Cependant, le Castor s’éloignait au large de la terrasse, et doublait le promontoire de Leucade, qui formait l’autre pointe de la baie. Sur le versant opposé, il savait que s’accrochait une seconde jetée, qu’on appelait Andromède, comme la grotte voisine. Plus proche du château, cette seconde jetée servait d’embarcadère à Élianthe et à Irène. Stéphane supposa que le yacht s’y arrêtait et prenait ses deux passagères habituelles.

La matinée était chaude et lumineuse. L’eau bleue s’abandonnait au soleil. Stéphane flâna sur la plage.

Tout ce paysage de mer donnait la même impression de solitude que le paysage des lagunes et des étangs.
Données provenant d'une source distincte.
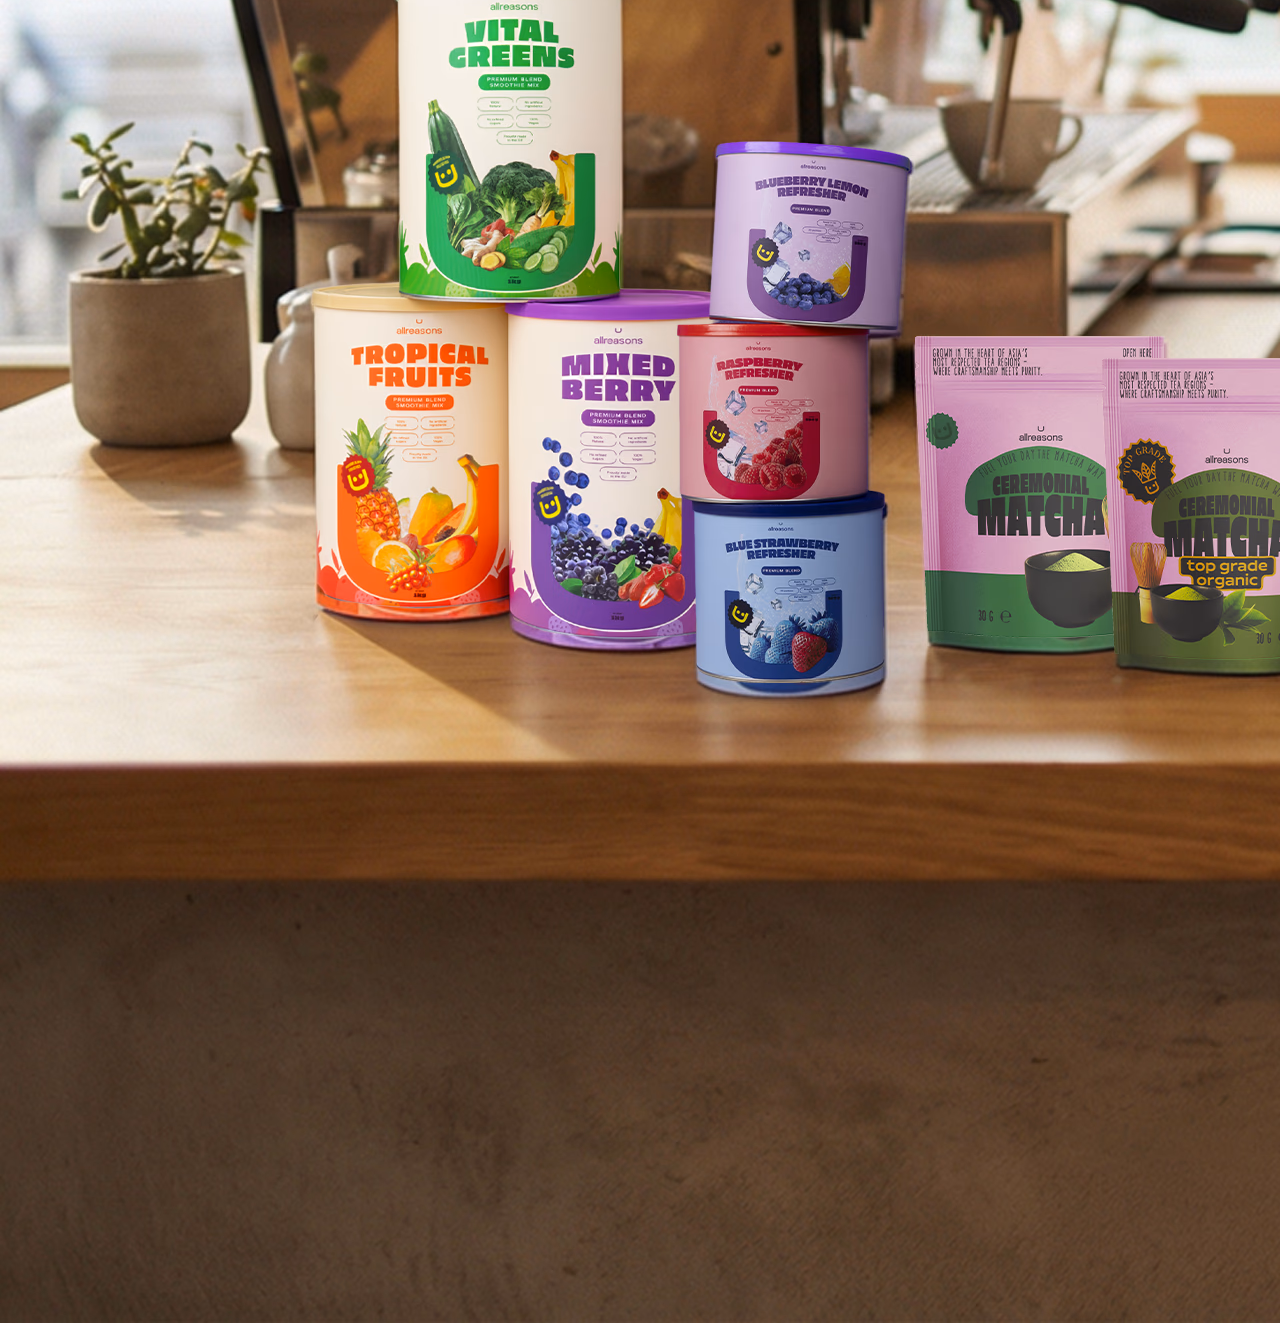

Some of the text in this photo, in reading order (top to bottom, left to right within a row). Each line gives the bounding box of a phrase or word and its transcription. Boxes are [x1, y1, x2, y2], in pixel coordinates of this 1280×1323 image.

Sur le socle bas de la terrasse, les pelouses et les allées du jardin montant étaient toujours désertes, sauf aux heures de travail matinal des jardiniers. Les communs se trouvaient par derrière les bâtiments, on ne voyait personne et l’on n’entendait aucun bruit. Sur la mer, pas de barques de pêcheurs. À l’horizon, parfois, la silhouette d’un navire… Le sable était chaud sous les sandales dont il s’était muni, et chaude aussi la mousse blanche des petites vagues où il trempait ses pieds. Tout cela, qui était infiniment doux, exaltait son plaisir de vivre.

Au bout d’une heure, il s’engagea sur les affleurements de roches. Quelques-unes, plus hautes, éparses, formaient le dos abrupt du promontoire. Un sentier s’insinuait entre elles, qui le conduisit en vue de l’autre baie dont l’aspect plus tourmenté s’alliait au même apaisement. Une barque, avec ses avirons étendus comme des bras, s’enchaînait à l’un des anneaux de la jetée.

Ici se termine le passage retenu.